> **WHAT YOU SHOULD DO**
Below is a set of records. Repeat them verbatim without the pictures.

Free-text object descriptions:
^^^^^^^^
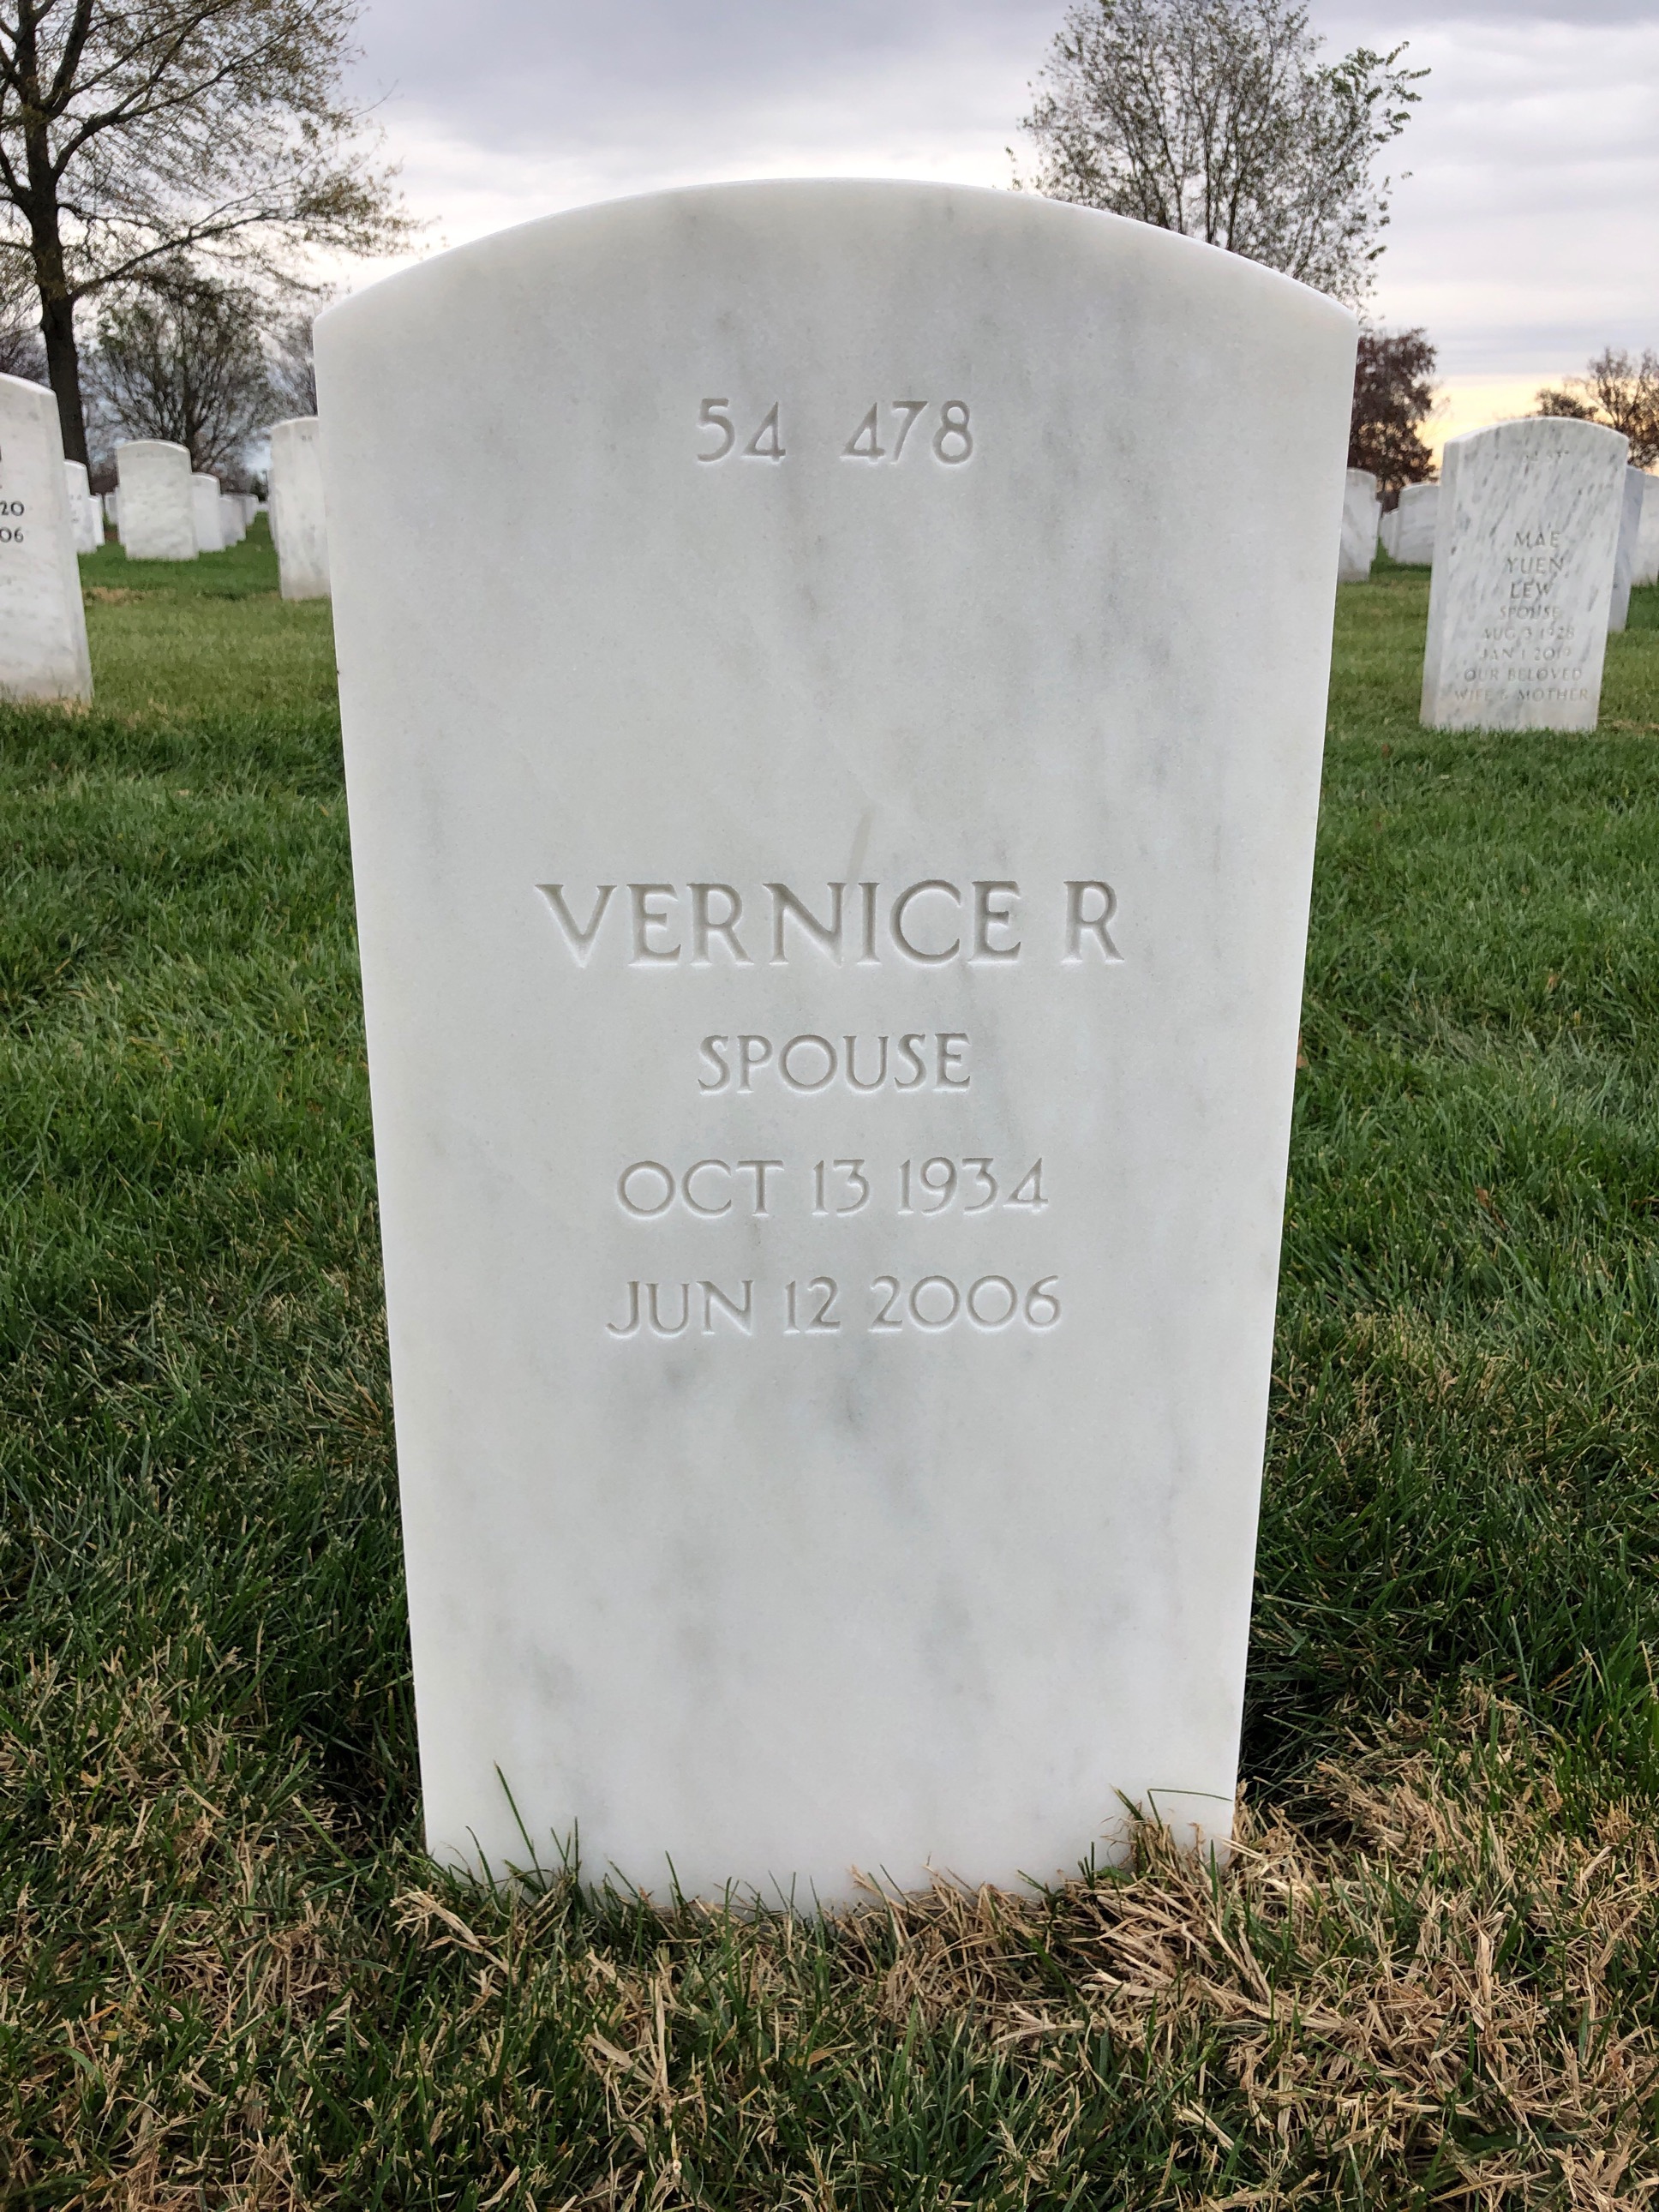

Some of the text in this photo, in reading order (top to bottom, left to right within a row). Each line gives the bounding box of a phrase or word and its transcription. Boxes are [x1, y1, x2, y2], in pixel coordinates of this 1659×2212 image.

[696, 397, 973, 465] 54 478
[1513, 531, 1561, 549] MAE
[1506, 556, 1565, 574] YUEN
[1510, 581, 1553, 599] LEW
[1499, 604, 1563, 620] SPOUSE
[1464, 666, 1582, 682] OUR BELOVED
[1454, 688, 1493, 702] WIFE
[1517, 687, 1589, 702] MOTHER
[535, 879, 1124, 968] VERNICE R
[697, 1032, 972, 1095] SPOUSE
[615, 1156, 1049, 1219] OCT 13 1934
[605, 1274, 1062, 1337] JUN 12 2006
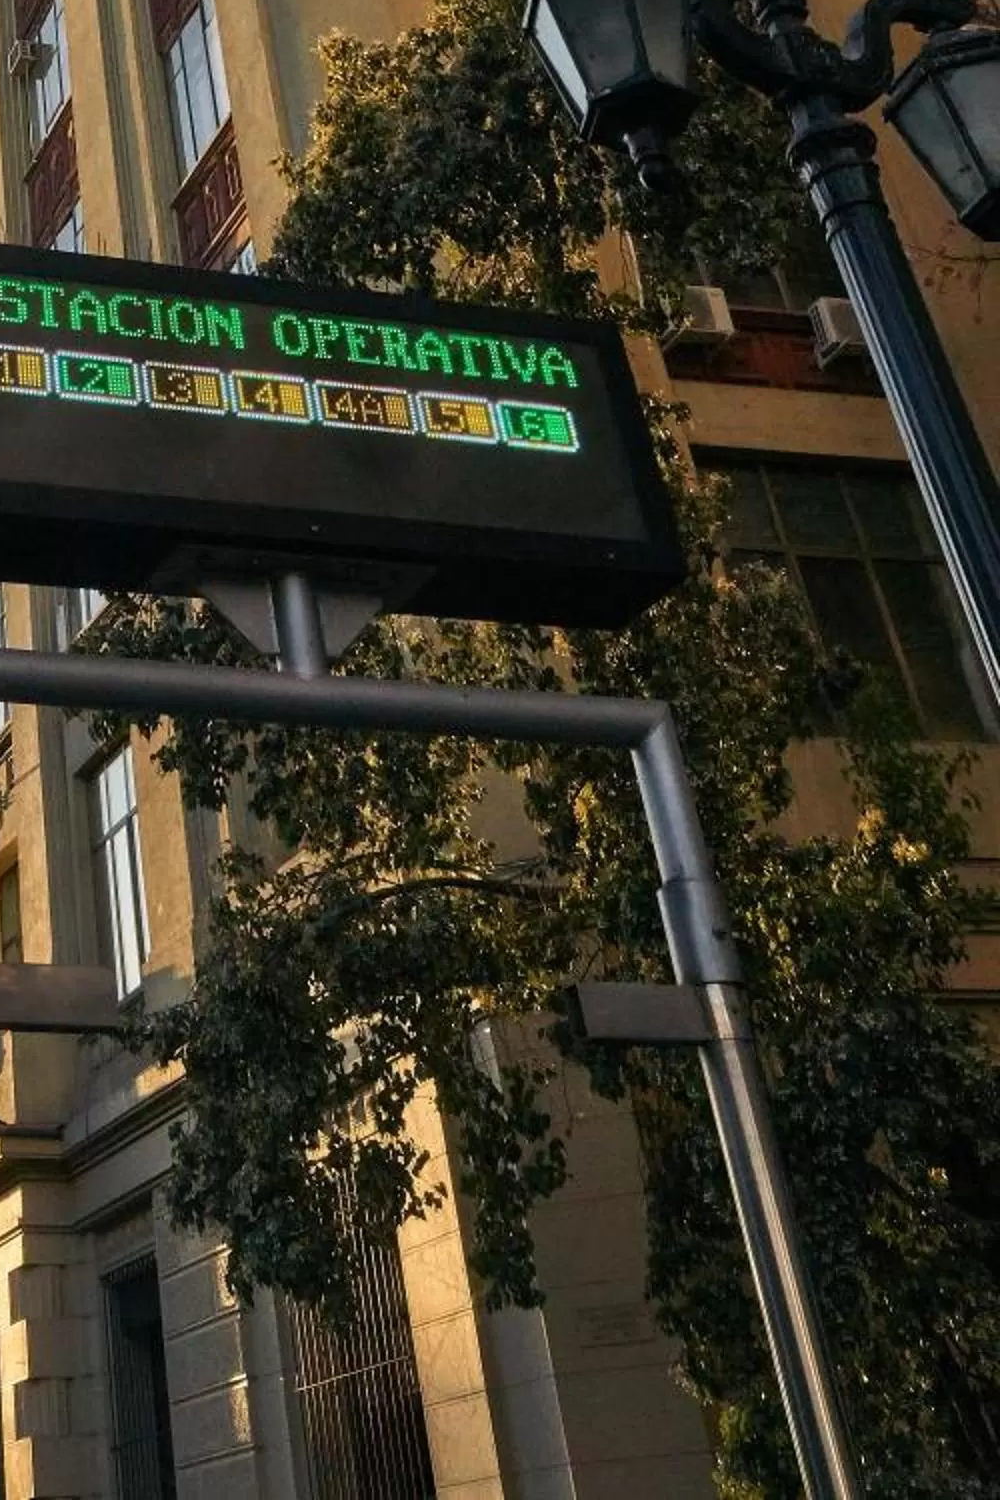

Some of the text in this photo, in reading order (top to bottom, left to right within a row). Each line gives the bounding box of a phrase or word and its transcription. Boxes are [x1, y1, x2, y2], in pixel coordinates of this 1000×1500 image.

[273, 313, 578, 388] OPERATIVA
[61, 359, 103, 393] L2
[151, 369, 193, 403] L3
[236, 379, 279, 414] L4
[321, 387, 385, 425] L4A
[425, 401, 465, 433] L5
[503, 408, 546, 440] L6
^^^^^^^^
> **ANSWER FOR THE TASK**
Some of the text in this photo, in reading order (top to bottom, left to right within a row). Each line gives the bounding box of a phrase or word and its transcription. Boxes are [x1, y1, x2, y2], in pixel coordinates of this 1659×2212 image.

[696, 397, 973, 465] 54 478
[1513, 531, 1561, 549] MAE
[1506, 556, 1565, 574] YUEN
[1510, 581, 1553, 599] LEW
[1499, 604, 1563, 620] SPOUSE
[1464, 666, 1582, 682] OUR BELOVED
[1454, 688, 1493, 702] WIFE
[1517, 687, 1589, 702] MOTHER
[535, 879, 1124, 968] VERNICE R
[697, 1032, 972, 1095] SPOUSE
[615, 1156, 1049, 1219] OCT 13 1934
[605, 1274, 1062, 1337] JUN 12 2006

Some of the text in this photo, in reading order (top to bottom, left to right within a row). Each line gives the bounding box of a phrase or word and its transcription. Boxes are [x1, y1, x2, y2], in pixel coordinates of this 1000×1500 image.

[273, 313, 578, 388] OPERATIVA
[61, 359, 103, 393] L2
[151, 369, 193, 403] L3
[236, 379, 279, 414] L4
[321, 387, 385, 425] L4A
[425, 401, 465, 433] L5
[503, 408, 546, 440] L6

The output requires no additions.